Most of the OECD countries now enjoy a credit boom as central banks undershoot inflation targets in the range of 1% to 3%. The U.S. unemployment rate persists at 3.5% or the lowest level since 1969, and U.S. inflation remains only 1.5% to 1.7% or well below the 2% monetary policy target. American interest rates and inflation expectations are so low that central banks have little room to further cut the federal funds rate if the U.S. economy moves into an economic recession. In other words, the U.S. Phillips curve remains flat when the American economy operates near full employment with low inflation. This new normal state of U.S. economic affairs may seem peculiar at this stage of the current global business cycle. The recent Federal Reserve interest rate adjustments lead global rate cuts and even negative rates in Australia, Brazil, China, Europe, India, and Japan etc. When push comes to shove, the law of inadvertent consequences counsels caution.

 

The recent global economic integration seems to anchor low inflation expectations.

Inflation no longer rises reliably when unemployment is low because the public has come to expect modest price increases despite higher wage growth. Robust global supply chains suggest that prices cannot fully reflect local labor market conditions. Meanwhile, corporate treasuries remain reluctant to boost investments in mergers and acquisitions and capital facilities. In addition to this investment retrenchment, retail investors tend to save more in the form of government bonds and other safe assets. In combination, these financial excesses effectively push down bond yields and interest rates. As a result, Treasury bond yield inversion recurs sporadically in recent times. The global glut of debt shows that $15 trillion investment-grade bonds carry negative interest yields. In this light, the lenders must pay to hold these bonds to maturity. In global economic history, Treasury yield curve inversion often signals the arcane harbinger of a subsequent economic recession.

The balance sheets of central banks in America, Britain, Europe, and Japan hover around more than 35% of their total GDP. Because interest rates are low or even negative, high public debt is more sustainable. In many cases, government bonds finance long-term infrastructure expenditures that can enhance economic growth. Modern monetary theorists advocate the core notion that the Trump administration should continue to issue government bonds at relatively low interest rates to fund more public investment projects such as infrastructure, health care, education, and immigration etc. In contrast, the Sargent-Wallace unpleasant monetarist arithmetic analysis shows that the central bank cannot contain money supply growth (or high inflation) if the fiscal authority engages in incessant government bond issuance to fund public investment projects for better economic growth and employment. In the latter scenario, the central bank loses monetary policy independence due to a lack of fiscal prudence. As a consequence, the central bank would eventually have to tolerate higher inflation sooner or later as money supply growth accelerates due to the gradual accumulation of fiscal deficits over time. In effect, national debt caps constrain the positive fruits of macro policy coordination between the central bank and the fiscal authority.

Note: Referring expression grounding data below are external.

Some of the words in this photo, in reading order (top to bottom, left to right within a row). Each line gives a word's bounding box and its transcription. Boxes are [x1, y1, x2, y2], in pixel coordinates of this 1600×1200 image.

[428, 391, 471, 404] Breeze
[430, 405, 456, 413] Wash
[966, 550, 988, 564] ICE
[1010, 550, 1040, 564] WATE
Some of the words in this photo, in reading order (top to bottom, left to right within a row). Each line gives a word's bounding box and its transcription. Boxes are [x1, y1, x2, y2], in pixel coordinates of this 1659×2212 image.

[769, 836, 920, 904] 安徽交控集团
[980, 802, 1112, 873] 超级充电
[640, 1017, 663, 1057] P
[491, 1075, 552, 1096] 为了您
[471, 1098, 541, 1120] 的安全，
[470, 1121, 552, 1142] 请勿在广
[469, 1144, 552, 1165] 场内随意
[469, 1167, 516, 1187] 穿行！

On balance, the recent international monetary policy coordination appears to help anchor low-inflation expectations over time. This generic price moderation serves as an economic rationale for the recent prevalent low or negative interest rates in key OECD countries from America and Canada to Britain, Europe, and Japan etc. In addition to global economic integration and monetary policy coordination, fiscal prudence is quite essential for striking a delicate balance in long-run public finance. In recent times, several OECD countries introduce fiscal stimulus packages such as tax credits and new infrastructure expenditures to help promote better economic growth and domestic employment.

 

Global disinflation dampens the trade-off between inflation and unemployment.

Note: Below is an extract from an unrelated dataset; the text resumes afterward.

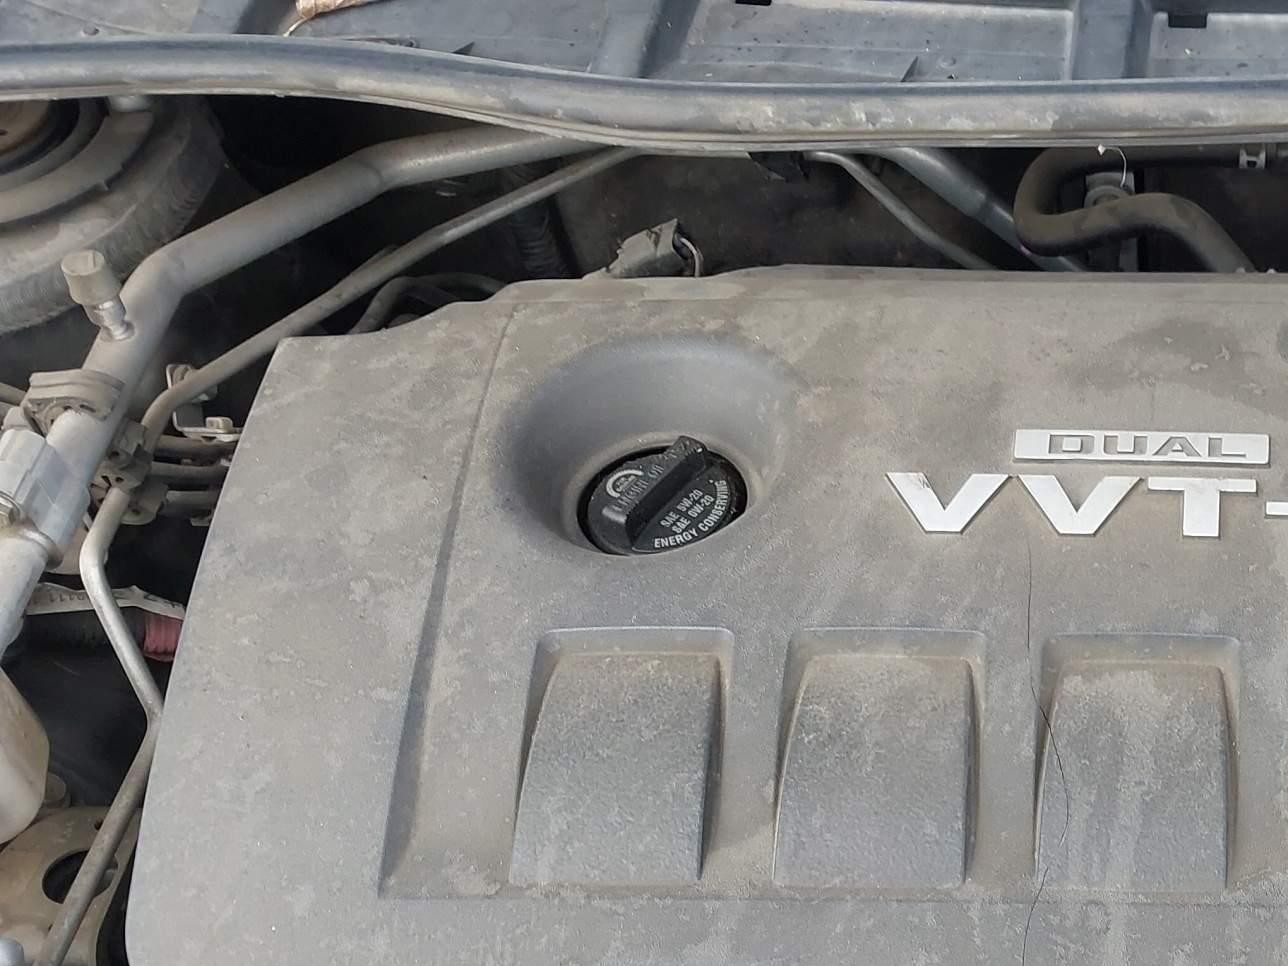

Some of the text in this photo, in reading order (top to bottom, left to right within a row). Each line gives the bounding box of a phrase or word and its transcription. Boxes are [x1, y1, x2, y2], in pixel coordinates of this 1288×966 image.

The vast majority of rich countries no longer struggle with runaway prices. Instead these countries need to confront the current economic reality of low inflation below the conventional monetary policy target of 2% to 3%. A decade of low interest rates near rock-bottom cannot change the status quo. Neither can central banks expand their balance sheets beyond the sum of $15 trillion or 35% of their GDP in America, Britain, Europe, and Japan. Many OECD economies now tend to operate near full employment with low inflation more than a decade after the Global Financial Crisis of 2008-2009.

To the extent that both the recent global economic integration and monetary policy coordination conspire to anchor low interest rates and inflation expectations in key rich countries, technological progress, fair trade, and cross-border capital control make inflation a less malleable economic indicator. The recent real business cycle evidence corroborates the low welfare cost of inflation (e.g. a 10-percentage point increase in inflation tends to trigger a very small fraction of 1% real GDP economic growth). Many central banks find it harder to hit their inflation targets. At the same time, monetary policy constraints mean that the imminent risk of inflation shortfalls looms larger than the more distant risk of excessive asset price increases. Central banks, fiscal authorities, and politicians must find novel ways to adapt public policy solutions to this new normal state of economic affairs worldwide.

 

The Phillips curve seems to flatten substantially in recent years.

In the short run, low inflation seems to defy the Phillips curve or the inverse relation between inflation and unemployment. In America, the recent credit boom and stock market rally collectively help boost domestic employment. The Sino-American fair trade deal contributes to agribusiness economic revival in the form of farm exports. Brexit helps reduce economic policy uncertainty in the U.K. and many other parts of Europe. Brexit can contribute to Eurozone capital and labor mobility with modest wage growth. Through these global economic developments, the recent increases in private credit, capital investment, and employment have not brought substantial generic price and wage acceleration. As the new head of European Central Bank, Christine Lagarde indicates that it can be difficult for most monetary authorities to tame inflation or money supply growth in the long run. Bank of England incumbent governor Mark Carney warns of the 2% inflation target as an untenable economic policy consensus. Finally, Federal Reserve Chairman Jerome Powell regards low global inflation as one of the major macro challenges of our time. The recent dovish interest rate adjustments reflect the fact that inflation cannot be an imminent threat.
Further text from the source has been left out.